The new federal power to issue permits for construction of transmission lines and to grant federal eminent domain power to acquire property needed for the lines is limited to situations where
  • The Department of Energy (DOE), in consultation with states, identifies "critical" transmission needs in a "congestion" study, and then designates a "National Interest Electric Transmission Corridor" within the area identified as "congested," and
  • A state has withheld approval of a proposed transmission project in such a corridor for more than one year.
Then, FERC would have power to grant a permit to build the project and to give the developer federal eminent domain power to acquire land rights for that purpose.

"Congestion" Confusion
The concept of transmission "congestion" suggests a physical or reliability issue. This notion was suggested in a recent article discussing the National Corridors which states: "congestion of existing power lines makes the electricity grid unreliable and subject to blackouts.”

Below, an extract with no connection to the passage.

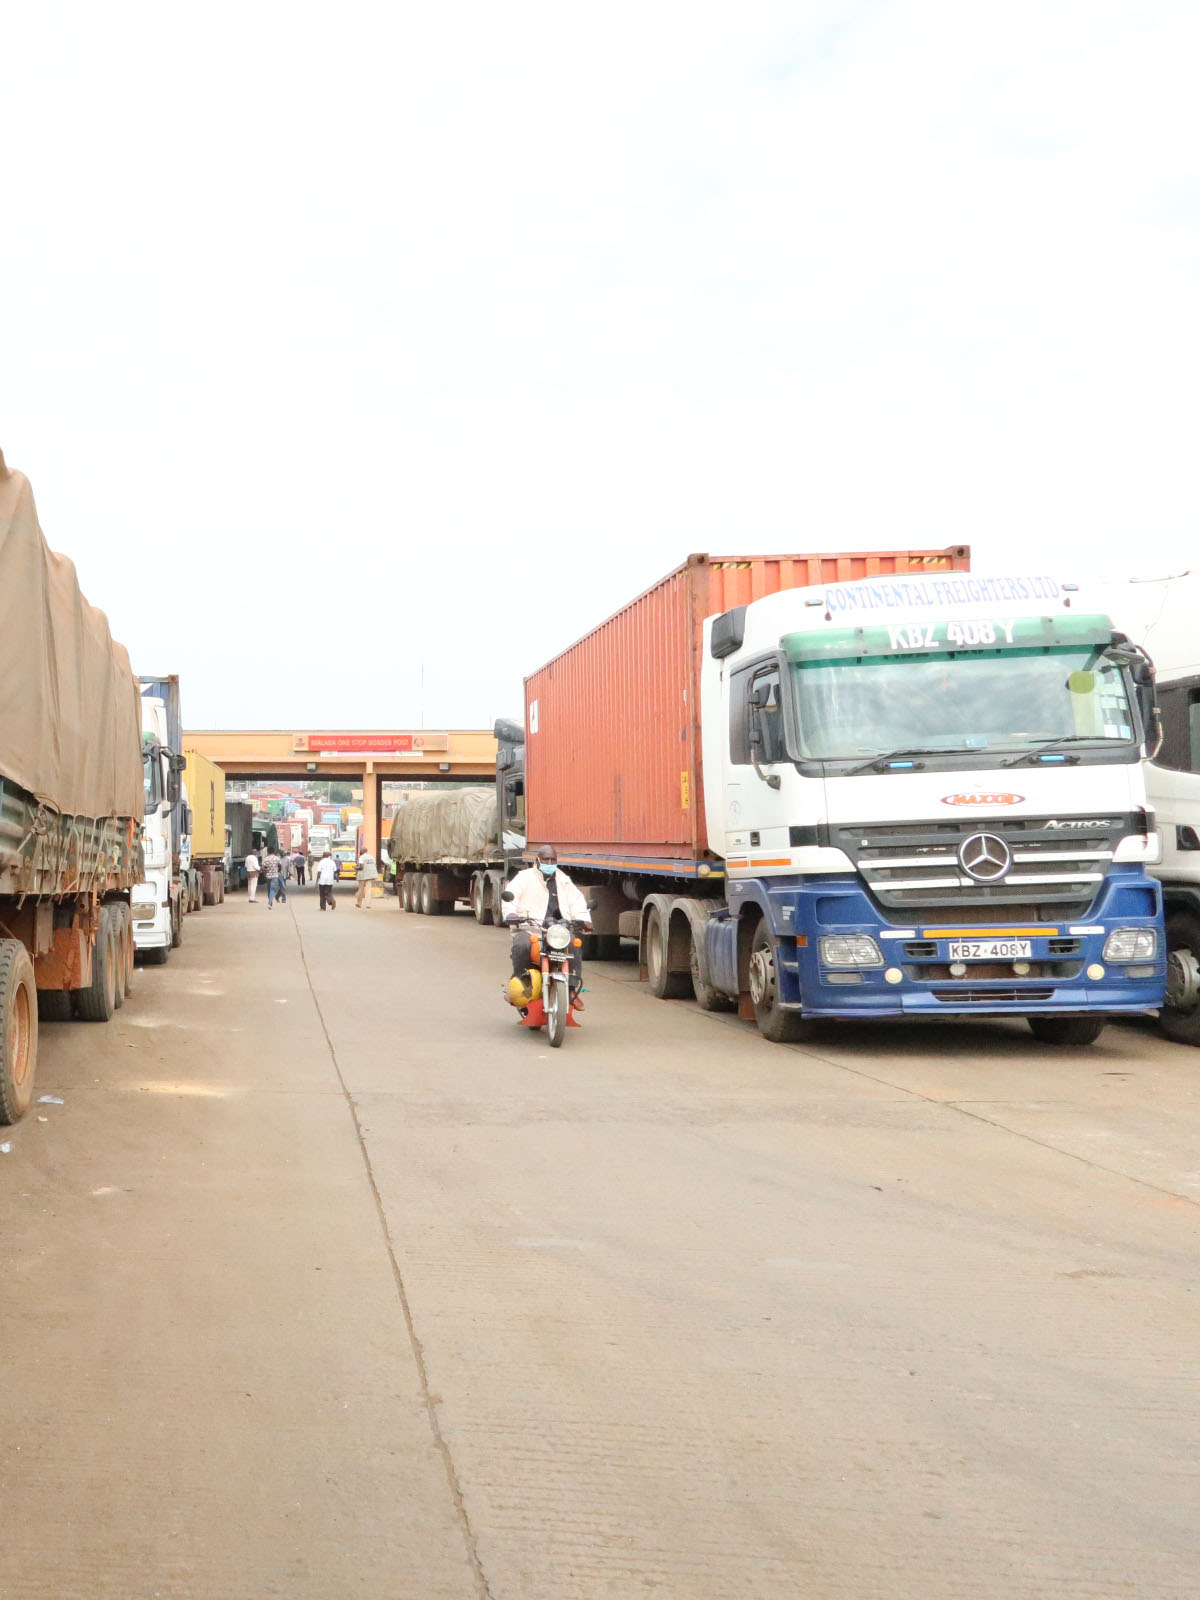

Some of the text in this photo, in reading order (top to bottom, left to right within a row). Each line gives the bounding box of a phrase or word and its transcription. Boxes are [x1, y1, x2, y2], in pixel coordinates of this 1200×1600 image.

Actually, the transmission system is designed to always run within reliability limits consistent with its capabilities. The major blackouts in recent decades were due to misoperation and poor maintenance of the interconnected high voltage grid components. Testimony of a leading power transmission engineer after the 2003 blackout to the New York legislature emphasized that making the alternating current grid ever larger or putting more transmission lines up does not necessarily equate with greater reliability:
Reliability and commercial use of the bulk power transmission system are two entirely different things. Reliability is a function of the reliability standards (or criteria) used, not the amount of wire in the air. A weak system with more stringent standards will be more reliable than a strong system with weak criteria – or any system where even stringent standards are not followed. Adding transmission in and of itself will not improve reliability, if the same reliability standards are used. In fact, it might actually make the system less reliable. That’s because adding transmission makes the bulk power system electrically tighter -– geo-electrically smaller. Thus a severe disturbance is likely to cause a blackout in a much larger area. It isn’t an accident that the 2003 blackout affected a larger area, and far more people, than the 1965 blackout.
Much of the drive to build more transmission lines comes from pressures to enable the physical grid to mirror economic transactions in the selling and trading of electricity. Electricity flows are governed by the laws of physics and do not follow contract paths. One cannot, say, buy electricity from a seller hundreds of miles away, and expect that when the distant power plant generates more power it will correspondingly excite the electrons at the buyer's location. Rather, many adjustments in the grid at numerous locations may be necessary.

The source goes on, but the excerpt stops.